Comme Inès partait aux toilettes, le truand dit plus bas :
- Entre nous, votre soeur est très avenante, hein... Elle a déjà eu pas mal d'hommes, hein ? Elle aime ça, ça se sent.
- Je vous l'ai dit, Inès est une femme libre.
- C'est bien ce que je pensais, ouais. Sachez que pour ma part, je suis très attaché à la fidélité de mon entourage. Il faudra qu'Inès comprenne cela. Je n'ai pas l'intention de la laisser fricoter à droite à gauche... Une femme à moi est à moi.
- Non, bien sûr, dit Faivre. Elle sait ce qu'elle fait.
- Tant mieux. Il faut être clair sur ce point. Nous autres Vicari avons l'esprit de famille.
- Je ne vous savais pas si revanchard. Voilà un sentiment qui m'est inconnu...
- Quand je veux, je prends, Mouplin. Et quand je prends, je garde. Souvenez-vous en. Et glissez-en un mot à Inès.
- Je n'y manquerai pas.
On trinqua.
- Bien, ceci étant dit, qu'avez-vous à me proposer ?
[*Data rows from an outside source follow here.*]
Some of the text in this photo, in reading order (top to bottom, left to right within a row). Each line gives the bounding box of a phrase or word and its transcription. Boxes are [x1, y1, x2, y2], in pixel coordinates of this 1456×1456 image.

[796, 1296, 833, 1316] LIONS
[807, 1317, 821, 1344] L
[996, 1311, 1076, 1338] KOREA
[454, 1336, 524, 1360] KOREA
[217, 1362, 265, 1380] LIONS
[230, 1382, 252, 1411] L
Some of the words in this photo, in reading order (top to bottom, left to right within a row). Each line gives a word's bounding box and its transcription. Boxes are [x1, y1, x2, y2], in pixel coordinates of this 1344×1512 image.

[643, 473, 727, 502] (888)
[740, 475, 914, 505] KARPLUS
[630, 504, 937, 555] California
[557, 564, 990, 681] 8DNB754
- Comme je vous l'ai dit, Antonievski a de jolies pièces à me proposer. Mais il a besoin d'un intermédiaire.
- Cette lopette n'a jamais voulu se salir les mains. Tous ces bourgeois sont les mêmes. Ils laissent aux autres les basses oeuvres. Et c'est là qu'il a besoin de gens comme vous, Mouplin.
- Bien sûr, mais que voulez-vous...
- Je veux dire que nous ne serons pas toujours dépendants de cette vieille tante.
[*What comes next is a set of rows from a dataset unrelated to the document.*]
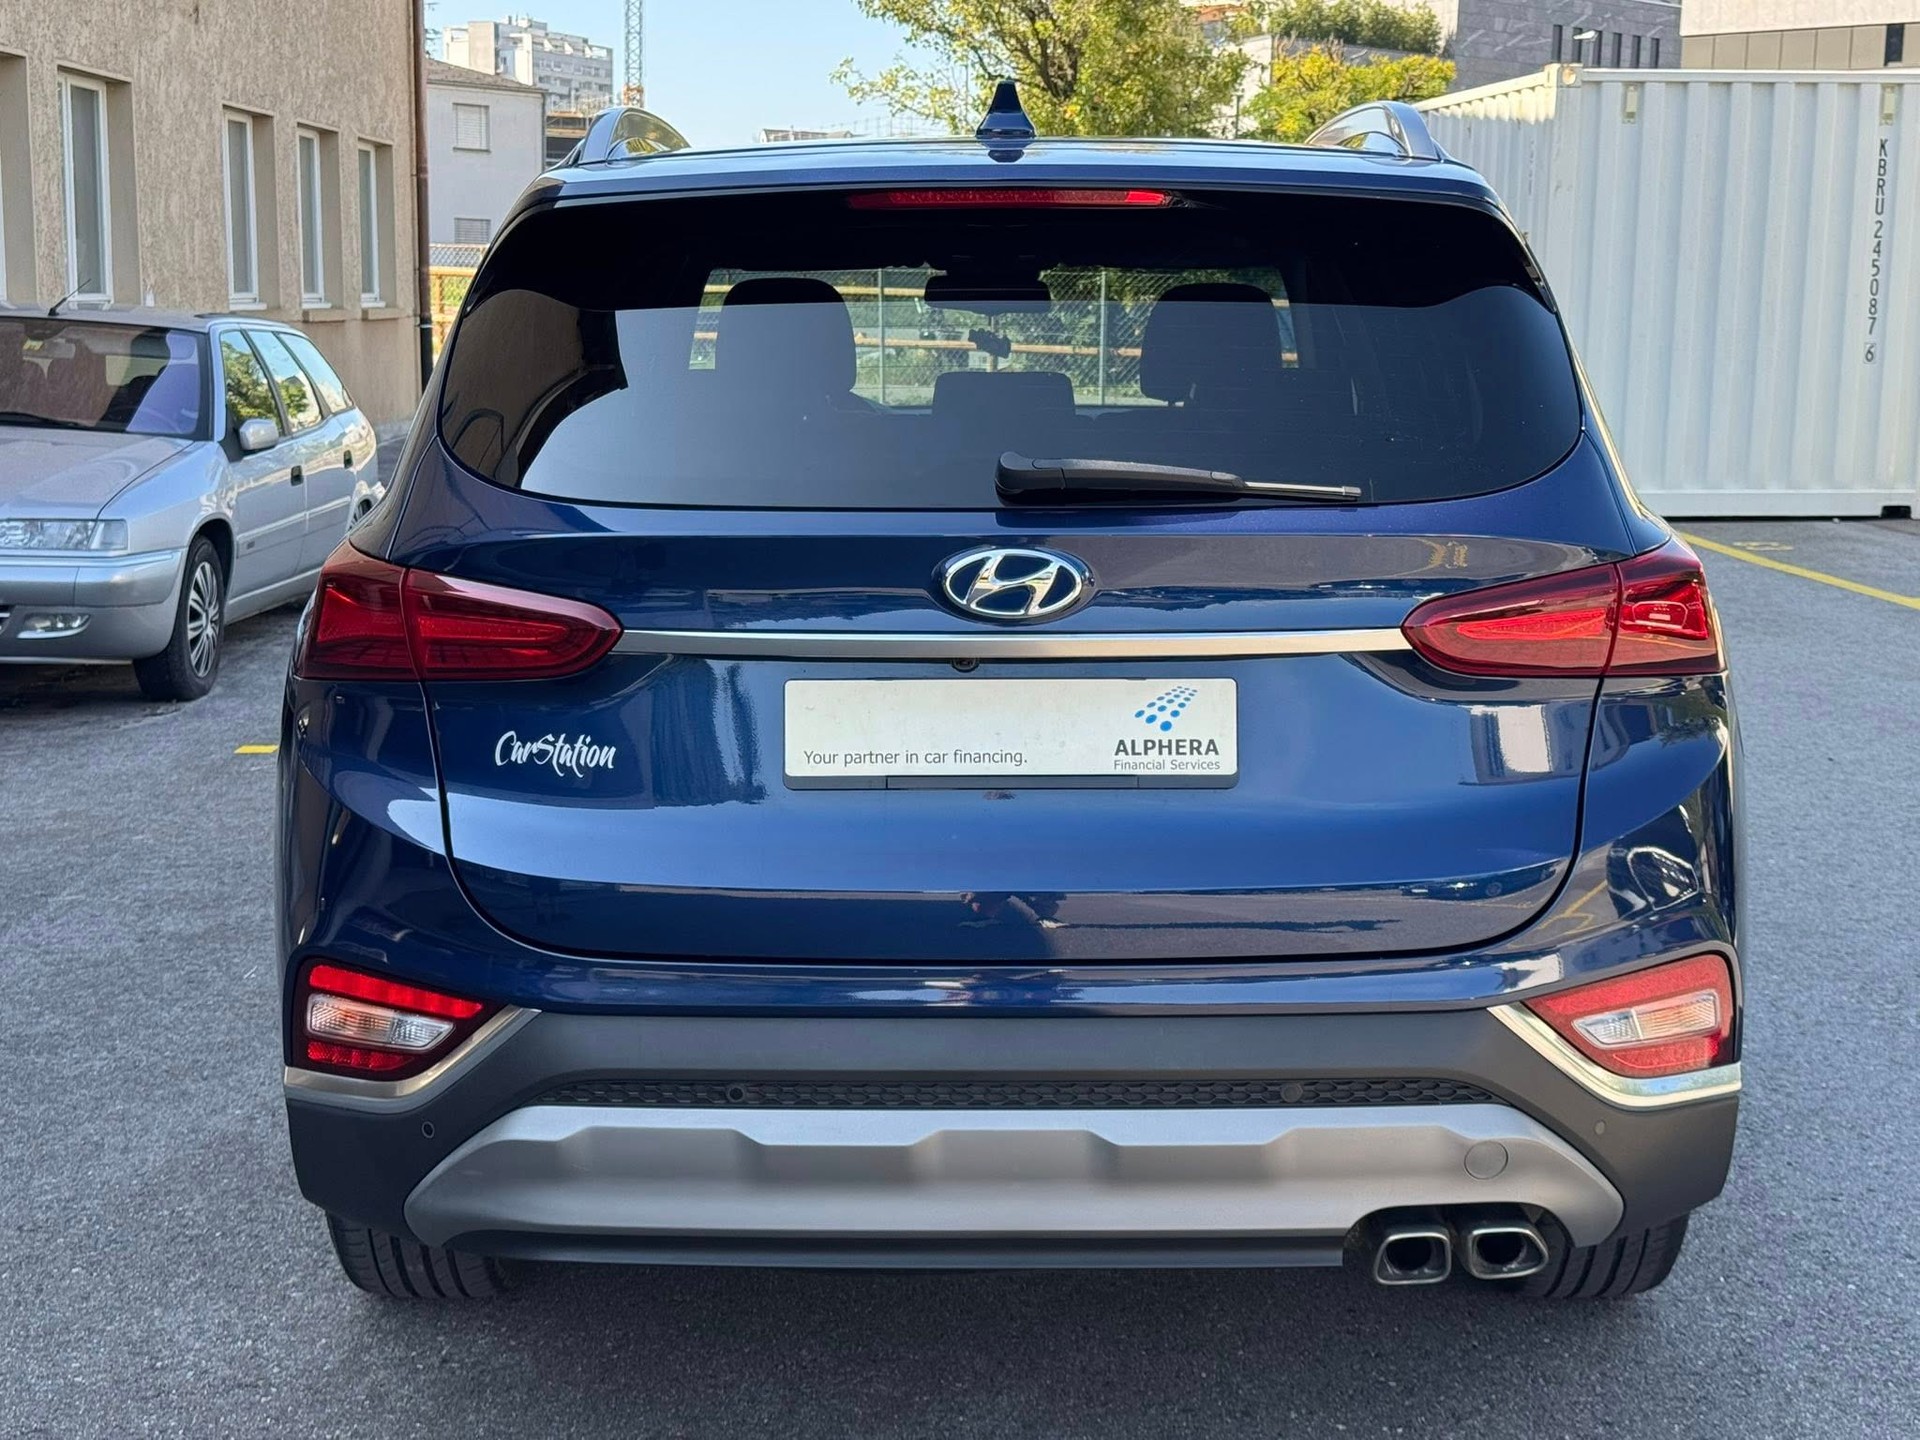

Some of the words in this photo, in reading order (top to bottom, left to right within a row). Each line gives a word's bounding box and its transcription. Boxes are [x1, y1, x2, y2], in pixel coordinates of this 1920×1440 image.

[1875, 138, 1889, 216] KBRU
[1868, 220, 1884, 335] 245087
[495, 730, 617, 778] CarStation
[803, 750, 839, 765] Your
[844, 750, 900, 768] partner
[905, 749, 919, 764] in
[924, 752, 949, 764] car
[954, 749, 1028, 767] financing.
[1114, 738, 1219, 756] ALPHERA
[1113, 759, 1165, 770] Financial
[1170, 759, 1220, 770] Services
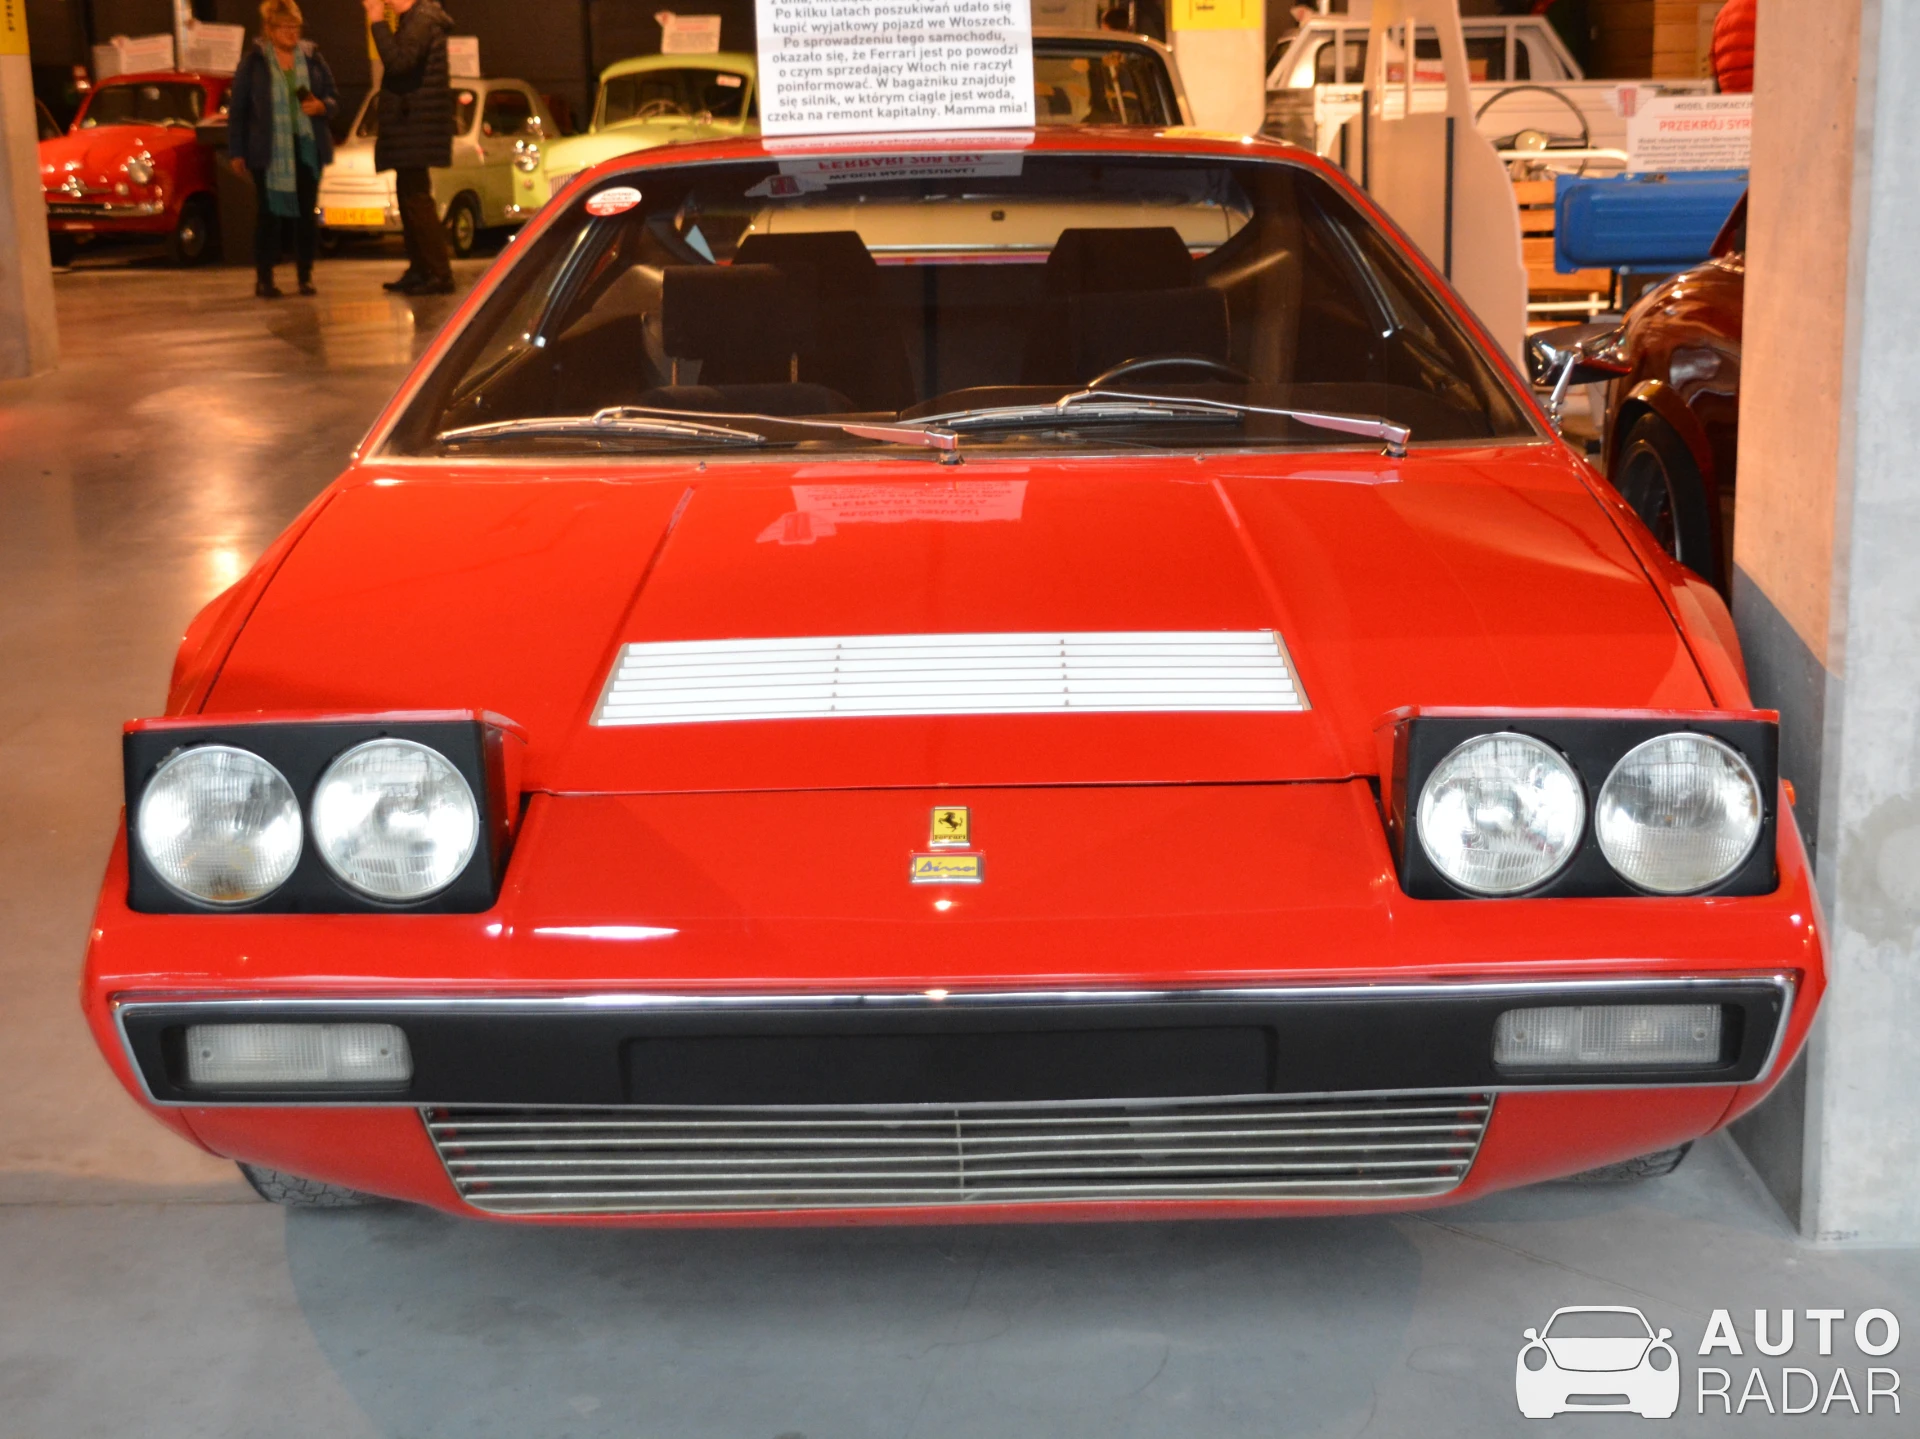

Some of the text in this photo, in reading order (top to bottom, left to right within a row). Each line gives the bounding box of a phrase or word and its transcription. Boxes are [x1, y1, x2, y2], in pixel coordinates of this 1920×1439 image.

[775, 2, 1012, 19] Po kilku latach poszukiwań udało się
[773, 22, 807, 35] kupić
[882, 18, 923, 31] pojazd
[927, 19, 945, 28] we
[949, 16, 1015, 28] Włoszech.
[783, 31, 1006, 49] Po sprowadzeniu tego samochodu,
[772, 44, 1019, 63] okazało się, że Ferrari jest po powodzi
[779, 59, 1013, 79] o czym sprzedający Włoch nie raczył
[777, 74, 1016, 94] poinformować. W bagażniku znajduje
[779, 88, 1015, 108] się silnik, w którym ciągle jest woda,
[767, 101, 1028, 122] czeka na remont kapitalny. Mamma mia!
[1659, 116, 1724, 132] PRZEKRÓJ
- J'espère ne plus avoir à passer par lui très bientôt, oui.
- Nous allons y travailler... Bon, que proposez-vous ?
- Des statuettes à la feuille d'or, diverses babioles coloniales... Un joli lot. Je l'ai inspecté et cela plaira. Des pièces rares, ramenées d'Autrelles.
- Combien ?
- Dix milles.
- Dix briques ? Antonievski a intérêt à fournir une sacrée marchandise, sinon on ira lui faire la peau !
- Les pièces valent ce prix.
- J'ai des amis qui peuvent en juger aussi bien que vous.
- J'ajoute qu'il me faut le quart tout de suite.
- Doucement, Gégène, tu m'as l'air bien gourmand.
- Ce sont pour mes frais.
- Tu es un malin. Antonievski t'a bien dressé. Tu es sûr qu'il ne t'a pas invité à visiter son édredon, hein, le vieux salaud...
- Un quart, cela paraît normal pour ce genre d'affaires.
- Tu t'imagines que je peux te filer deux plaques et demi, comme ça, en souriant ? Mettons deux.
- Le quart du prix, cela me semble très raisonnable.
Il fallut insister un peu et ne pas perdre ses moyens face aux surineurs professionnels entourant Fabio. Celui-ci, après avoir roulé des mécaniques pour la forme, se fit remettre l'argent et le passa à Faivre, l'air crâne, défiant ostensiblement les hommes des Moeurs.
- J'espère que tu es ami avec ces gens-là, dit Fabio, car ils ont déjà un dossier sur toi, sois-en sûr.
- Oh mais j'en suis certain, sourit Faivre.
Il avait reconnu les deux génies de la Mondaine, Vico et Pinelli, plus truands que les truands, qui, eux, jamais ne reconnaîtraient l'inspecteur sous le déguisement du bourgeois déclassé Mouplin.
Faivre partit en sueur. Il dormit profondément le reste de la nuit. Il n'avait pas de nouvelles d'Inès.